Today, Podcasting is an accepted term for all types of Internet based radio style shows, even if the devices we use to listen to them on have moved on from iPods to every sort of device. Ironically, the term iPod is now an official and accepted word, while the actual device is now obsolete.
The iPod revolution is in the process of going through a major change. As streaming is becoming more mainstream, and outlets like YouTube Live and Periscope are popping up all over, there is a huge demand to add video to Podcasts. Traditionally, Podcast was audio only. So now if we add video, is it still a Podcast? And if it’s not distributed via iTunes, what then is it?
I guess what we call it is not important. It’s only a word. The important point here is that audio only shows are quickly being replaced by shows with video. But, at the same time, there are people who like audio-only shows. Can you add video, without changing the content so drastically that it no longer works as an audio-only show? And if you do, what is the point of adding video, if all you add is talking heads?

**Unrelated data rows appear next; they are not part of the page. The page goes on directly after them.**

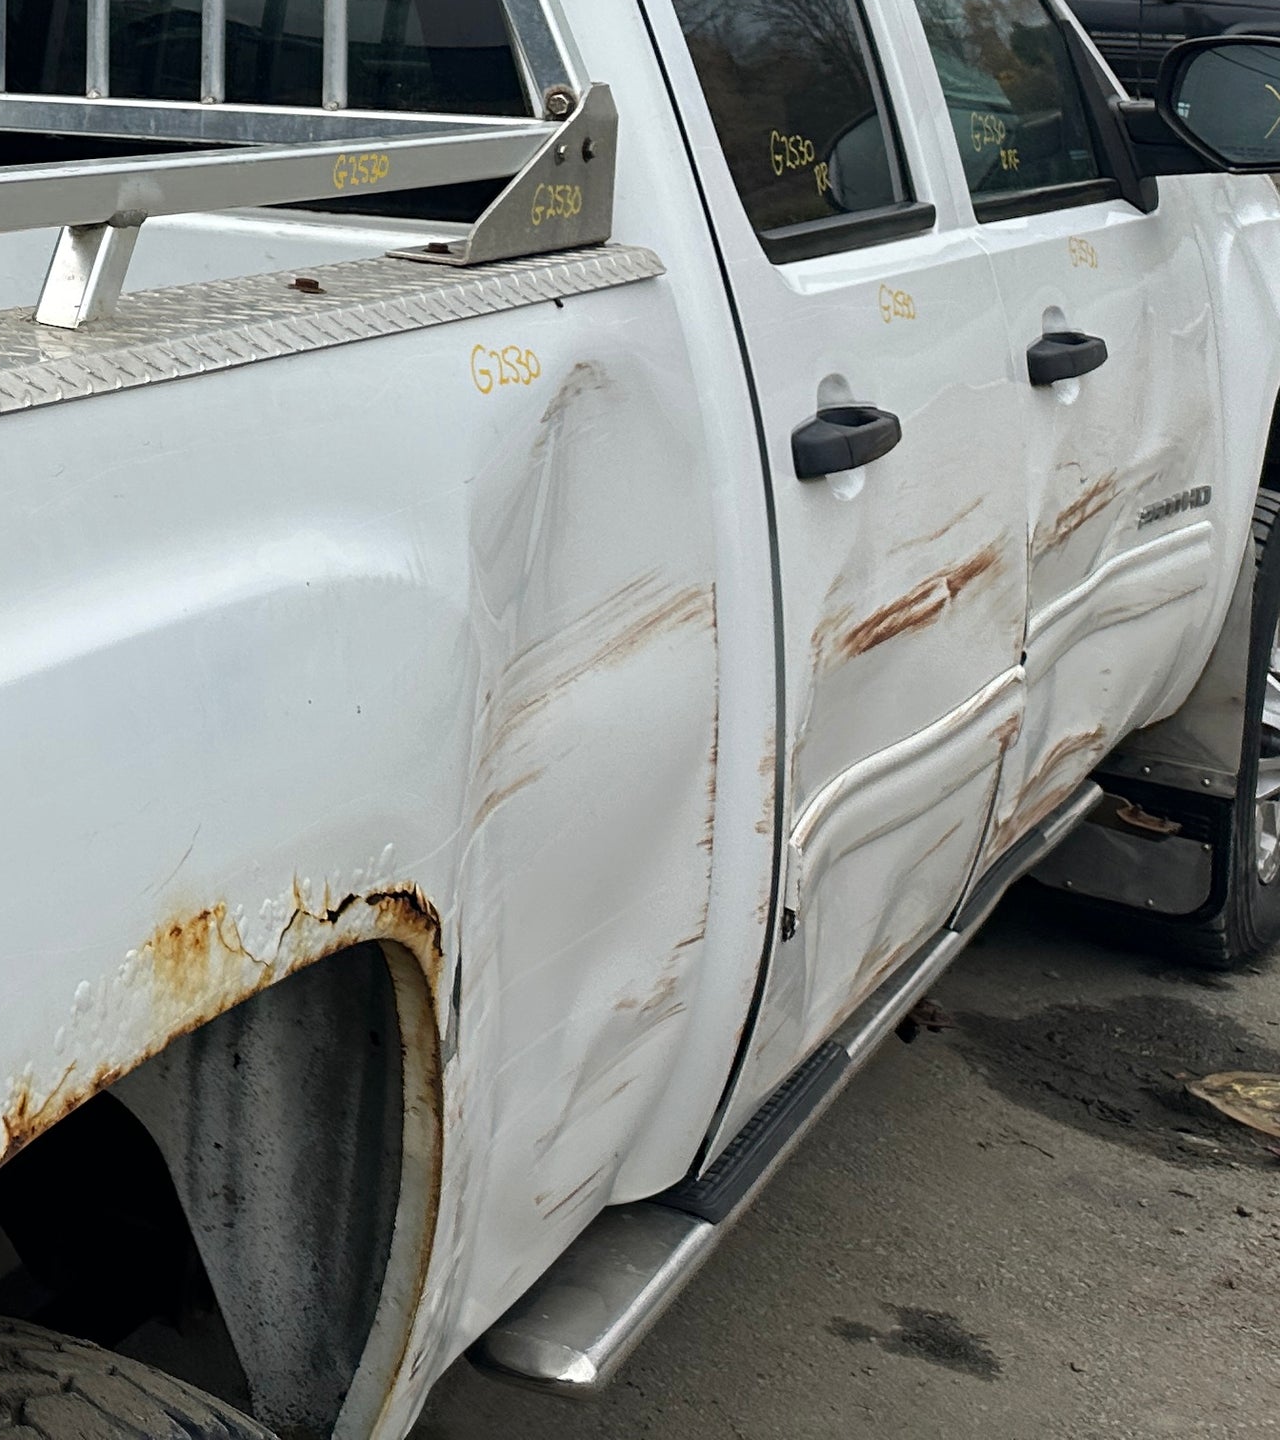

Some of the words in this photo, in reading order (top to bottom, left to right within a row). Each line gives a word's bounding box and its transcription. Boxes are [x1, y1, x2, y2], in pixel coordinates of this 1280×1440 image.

[332, 154, 390, 189] G2530
[770, 130, 815, 176] G2530
[531, 183, 582, 225] G2530
[471, 344, 540, 394] G2530
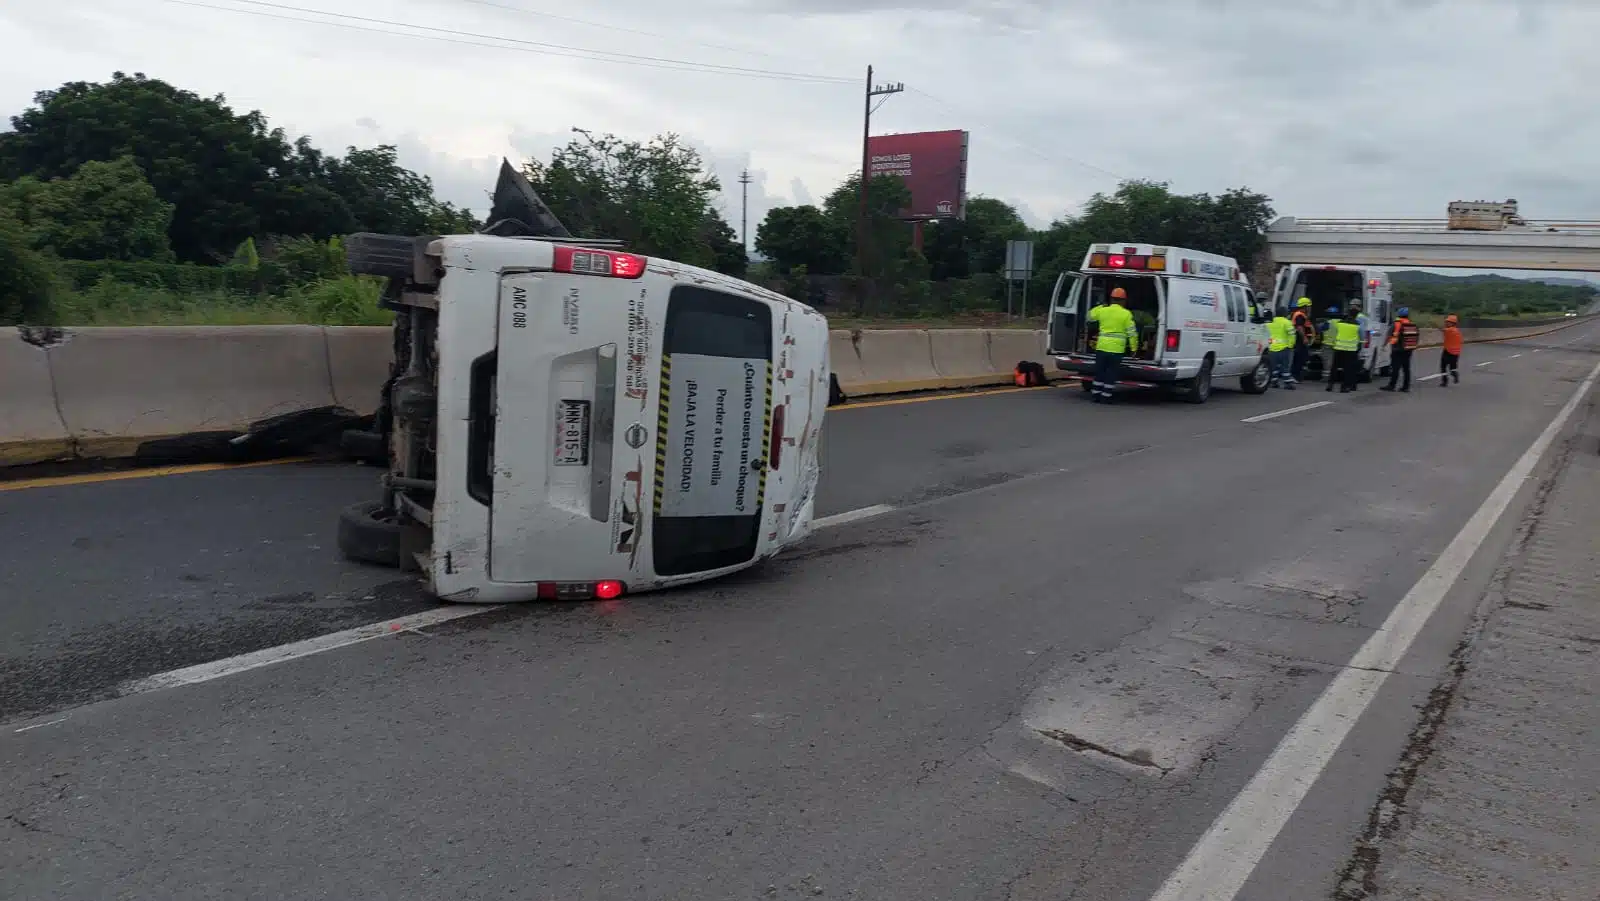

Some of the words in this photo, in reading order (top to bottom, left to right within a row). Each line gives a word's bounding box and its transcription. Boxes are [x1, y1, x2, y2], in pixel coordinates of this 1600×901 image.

[512, 286, 527, 310] AMC
[512, 312, 527, 328] 088
[634, 338, 645, 388] SUGENCIAS
[685, 380, 697, 412] ¡BAJA
[743, 362, 755, 409] ¿Cuánto
[685, 414, 696, 427] LA
[715, 389, 727, 426] Perder
[713, 436, 723, 448] tu
[741, 411, 751, 448] cuesta
[711, 450, 723, 486] familia
[740, 450, 749, 464] un
[735, 466, 749, 512] choque?

There are a lot of questions without answers. Podcasting, or whatever you want to now call it, is going through a major evolutionary change. And every content creator (formerly known as a Producer) will have their own interpretation and treatment of their show.
I have a friend who started an Internet “radio station”. I put the term “radio station” in parenthesis because that term in and of itself is going through an evolutionary change. Radio has traditionally been a wireless, off-air signal. Once the sender uses the Internet to transmit it, is it still radio? His “station” is called ocbusinessradio.com. It’s a Podcast studio, leasing out time to people who have their own business related Podcast talk shows. He records the shows, and plays them back on his web site. Many of his clients are companies that want to use the content for their web sites, since they are in constant need of content (refer to my article on “Feeding The Content Monster”). But an audio-only show on a web site is not as interesting as one with video. So, he is adding video capability to his studio. With that, he has to decide how many cameras, what kind of cameras (DO NOT USE CONSUMER CAMERAS!), lighting, and all of the other various challenges video brings to the table.

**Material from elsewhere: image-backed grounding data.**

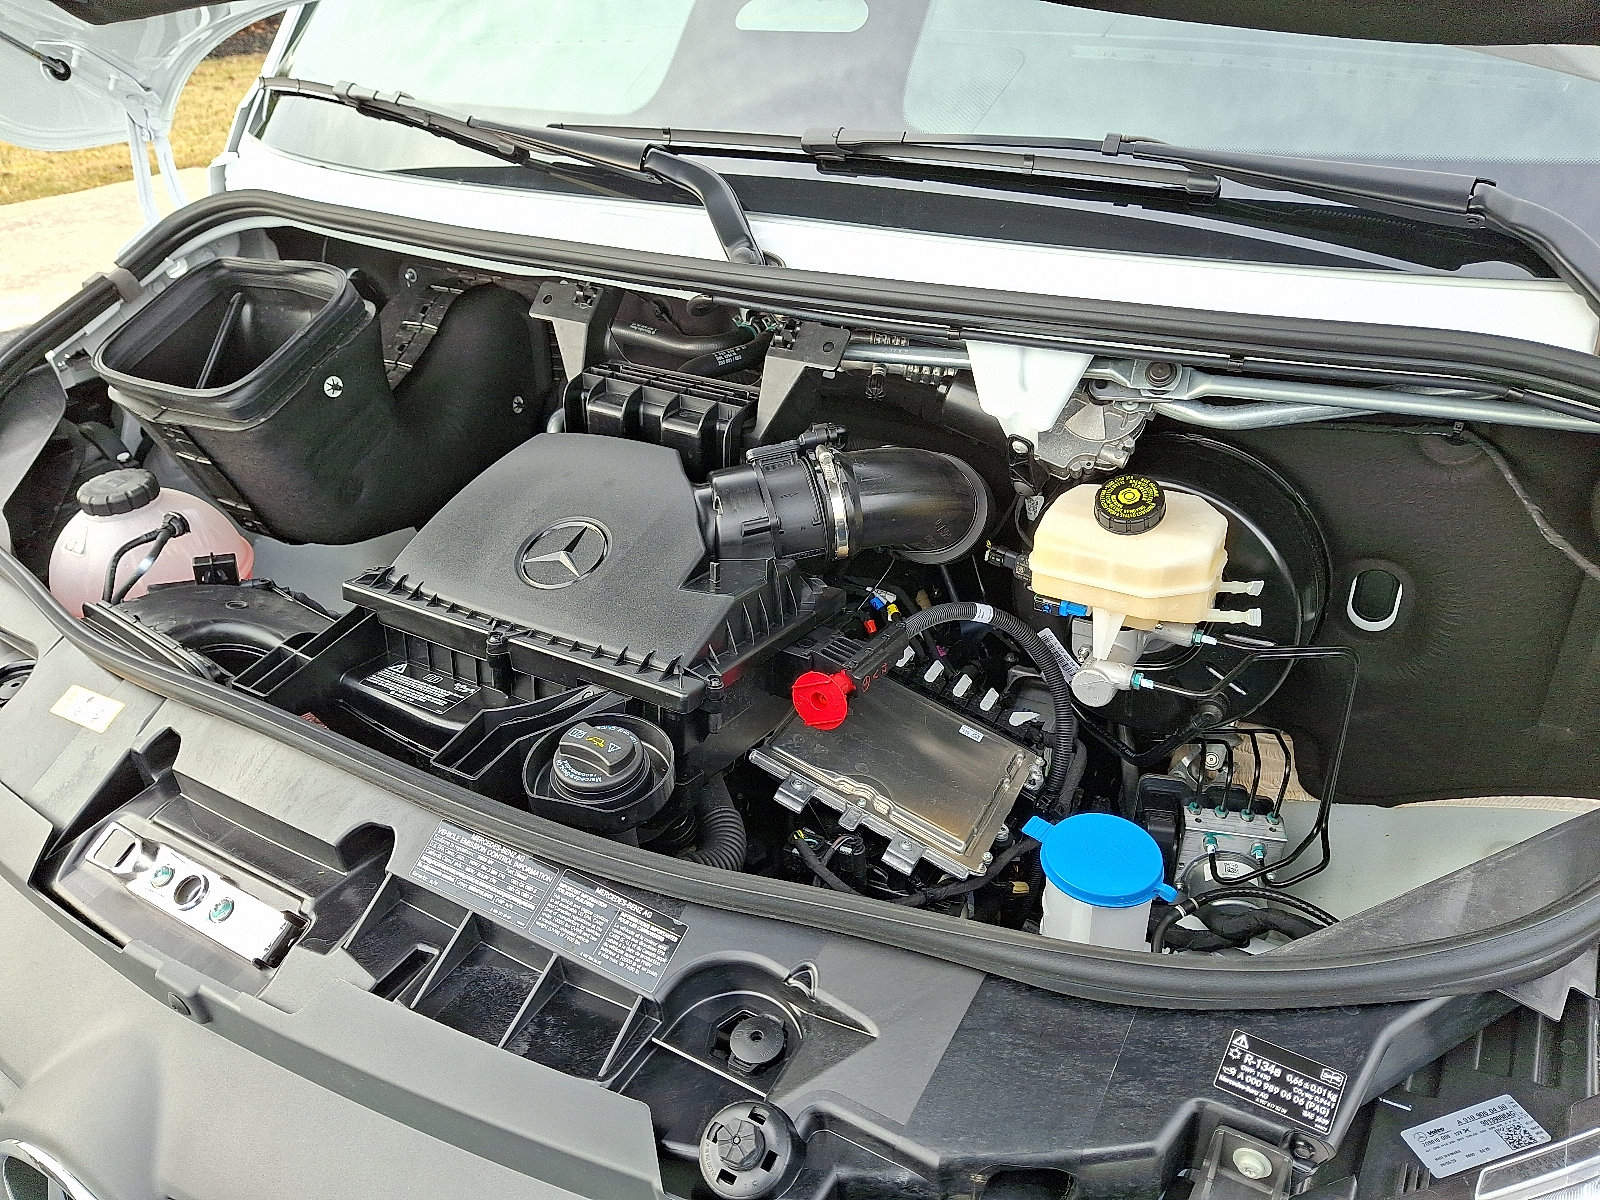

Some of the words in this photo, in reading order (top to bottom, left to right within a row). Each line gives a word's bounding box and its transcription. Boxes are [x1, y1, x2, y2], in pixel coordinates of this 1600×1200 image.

[437, 827, 461, 841] VEHICLE
[460, 837, 487, 853] EMISSION
[486, 848, 514, 864] CONTROL
[514, 860, 554, 881] INFORMATION
[471, 834, 516, 858] MERCEDES-BENZ
[516, 853, 526, 862] AG
[595, 887, 643, 914] MERCEDES-BENZ
[642, 909, 653, 918] AG
[1219, 1074, 1259, 1095] Mercedes-Benz
[1259, 1091, 1269, 1100] AG
[1243, 1054, 1282, 1077] R-134a
[1286, 1074, 1303, 1088] 0,66
[1309, 1084, 1327, 1097] 0,01
[1327, 1091, 1338, 1102] kg
[1237, 1072, 1245, 1080] A
[1245, 1075, 1262, 1088] 000
[1262, 1082, 1279, 1095] 989
[1280, 1090, 1292, 1100] 06
[1293, 1095, 1305, 1106] 06
[1305, 1100, 1330, 1118] (PAG)
[1427, 1127, 1446, 1136] Valeo

At this point in the article, you are probably asking yourself where I am going with this? What is my point? I did ask a lot of questions with no real or definitive answer. I would say that these are all good discussion points for a classroom discussion. They are designed to get our media students thinking about production quality in a real world market. Remember that very soon, they will leave school and enter the working world. The skills you teach them will have to be translated into income generating skills. The business of video/audio production for Podcasting is exploding. If they are aware of the trends, they stand a good chance of finding employment, or even starting their own “Internet Radio Station”.
Someone told me once that I have a great face for radio. It took me a few minutes to realize I had just been insulted, and by the oldest joke in the book. This joke is quickly becoming obsolete, as we add video to everything.
Perry Goldstein is a veteran of the electronics industry, with both consumer and Pro A/V electronics experience. He is also a professional speaker, and writer for the electronics industry. He has won numerous awards for product design. Perry is currently the Director of New Digital Technologies for Marshall Electronics and MXL pro audio division, as well as an instructor of digital marketing at the higher education level.